#### [Supplied information]
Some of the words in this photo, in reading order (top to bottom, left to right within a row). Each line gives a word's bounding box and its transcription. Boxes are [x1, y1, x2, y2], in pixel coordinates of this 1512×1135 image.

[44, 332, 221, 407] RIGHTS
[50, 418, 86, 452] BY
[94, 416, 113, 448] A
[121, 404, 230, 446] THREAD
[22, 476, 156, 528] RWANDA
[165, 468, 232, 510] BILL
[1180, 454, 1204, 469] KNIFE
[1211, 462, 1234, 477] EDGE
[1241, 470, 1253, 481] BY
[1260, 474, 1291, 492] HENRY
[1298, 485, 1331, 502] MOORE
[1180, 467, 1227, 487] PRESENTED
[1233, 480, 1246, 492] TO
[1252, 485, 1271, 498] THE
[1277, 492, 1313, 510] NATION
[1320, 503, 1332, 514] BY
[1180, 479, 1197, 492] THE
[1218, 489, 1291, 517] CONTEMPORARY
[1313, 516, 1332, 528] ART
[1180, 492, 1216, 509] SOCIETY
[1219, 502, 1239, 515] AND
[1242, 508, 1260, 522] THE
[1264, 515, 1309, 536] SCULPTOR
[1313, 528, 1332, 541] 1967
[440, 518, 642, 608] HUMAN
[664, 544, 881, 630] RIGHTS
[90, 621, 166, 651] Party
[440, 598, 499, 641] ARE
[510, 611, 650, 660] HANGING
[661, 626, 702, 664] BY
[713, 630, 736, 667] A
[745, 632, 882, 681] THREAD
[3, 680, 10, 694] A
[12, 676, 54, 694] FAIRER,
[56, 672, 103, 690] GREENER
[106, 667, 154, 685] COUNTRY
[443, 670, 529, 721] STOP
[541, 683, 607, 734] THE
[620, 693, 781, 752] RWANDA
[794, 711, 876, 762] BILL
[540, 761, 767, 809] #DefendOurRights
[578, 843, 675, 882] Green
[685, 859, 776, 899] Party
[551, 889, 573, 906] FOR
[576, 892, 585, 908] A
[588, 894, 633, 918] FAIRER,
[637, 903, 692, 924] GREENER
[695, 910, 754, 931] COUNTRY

#### [Exercise aim]
Check every line above for the string "THREAD" and state how many have it, with no other words.

#### [Answer to the exercise]
2